What many recent data breaches have in common

What many recent data breaches have in common

Nick Summers by Nick Summers on

When a data breach appears in the news (which has happened a lot recently), many of us picture a hacker in a black hoodie, trawling through reams of code on a custom-built PC. We often imagine them finding a single mistake – a zero that should be a one, or vice versa – that lets them slip through a company’s defenses.

After all, that’s how hacking is usually portrayed in movies and TV shows.

But re-read the latest news reports and you’ll notice that most data breaches can be traced back to a single cause: social engineering. Increasingly, hackers are exploiting human psychology, rather than technical vulnerabilities, to access company accounts, tools, and databases.

The success of these attacks hinges on how persuasive the hacker can be – or how well they can imitate someone trustworthy – rather than their knowledge of a particular programming language.
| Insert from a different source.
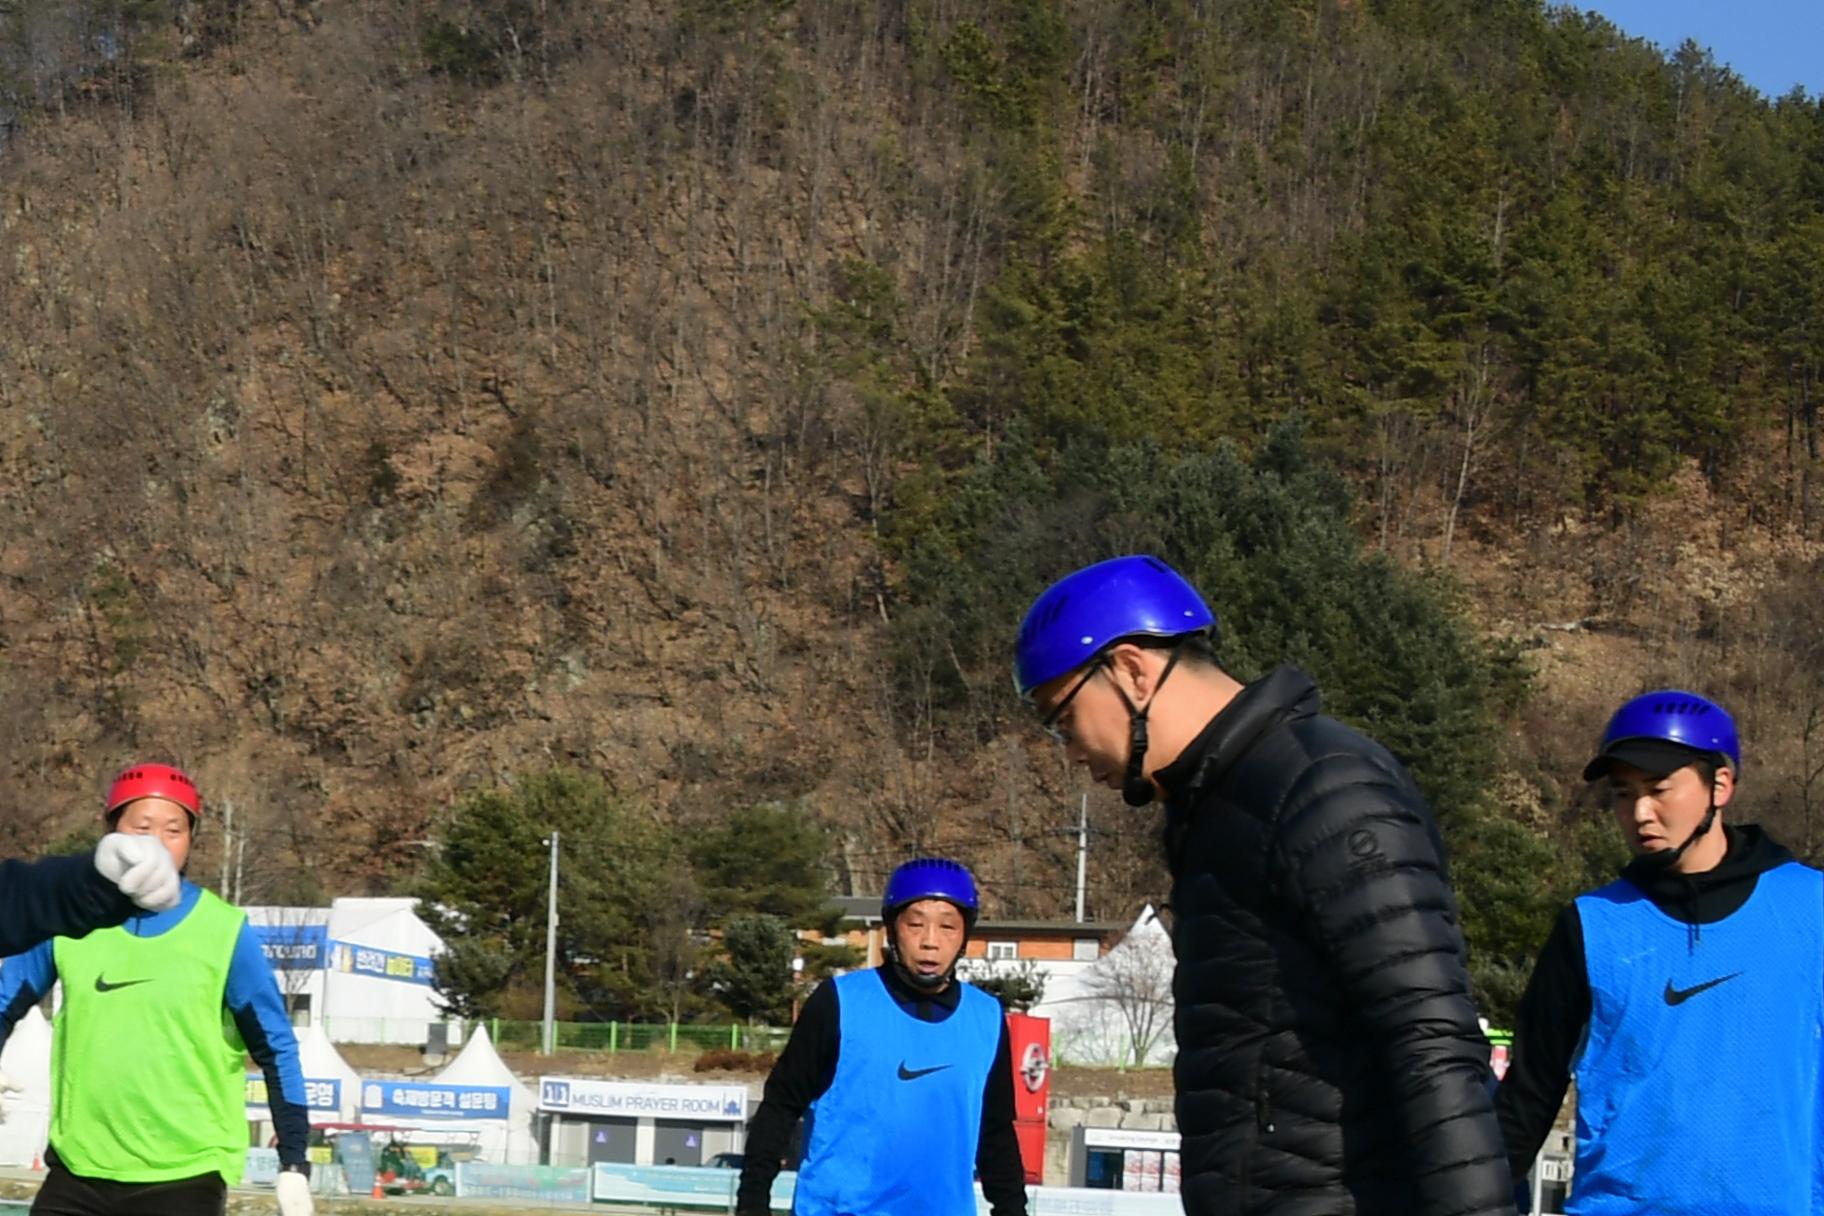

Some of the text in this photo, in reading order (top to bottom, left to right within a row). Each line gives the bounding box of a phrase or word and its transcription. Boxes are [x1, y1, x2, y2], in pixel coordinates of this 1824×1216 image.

[571, 1093, 720, 1114] MUSLIM PRAYER ROOM
It’s a timely reminder that cybersecurity is always changing, and the best way to protect a company is by focusing on the people who work there, not just the tools and policies that are in place.

Social engineering tactics: different but the same

Social engineering is an umbrella term for any type of attack where a criminal tries to manipulate you into sharing sensitive data, or doing something that helps them gain access to confidential information. Hackers use a variety of techniques to pull off these attacks. Here are just a few that you might have heard of:


Phishing occurs when a hacker tries to trick you with a fake but convincing email. The phony ‘sender’ will often urge you to click on a link which sends you to a scam website. Or they’ll ask you to share something confidential with them, like the credentials for one of your accounts.

These kinds of attacks aren’t limited to email. Many criminals will also try to dupe you with deceptive phone calls (vishing), text messages (smishing), and direct messages on social media.

SIM swapping

Criminals often research a target before calling their cell phone provider and pretending to be the target. They’ll make up a believable story (e.g. “I lost my phone”) that explains why they need their number ported to another SIM card. If necessary, the hacker will reassure the customer support rep by sharing facts they know about the target.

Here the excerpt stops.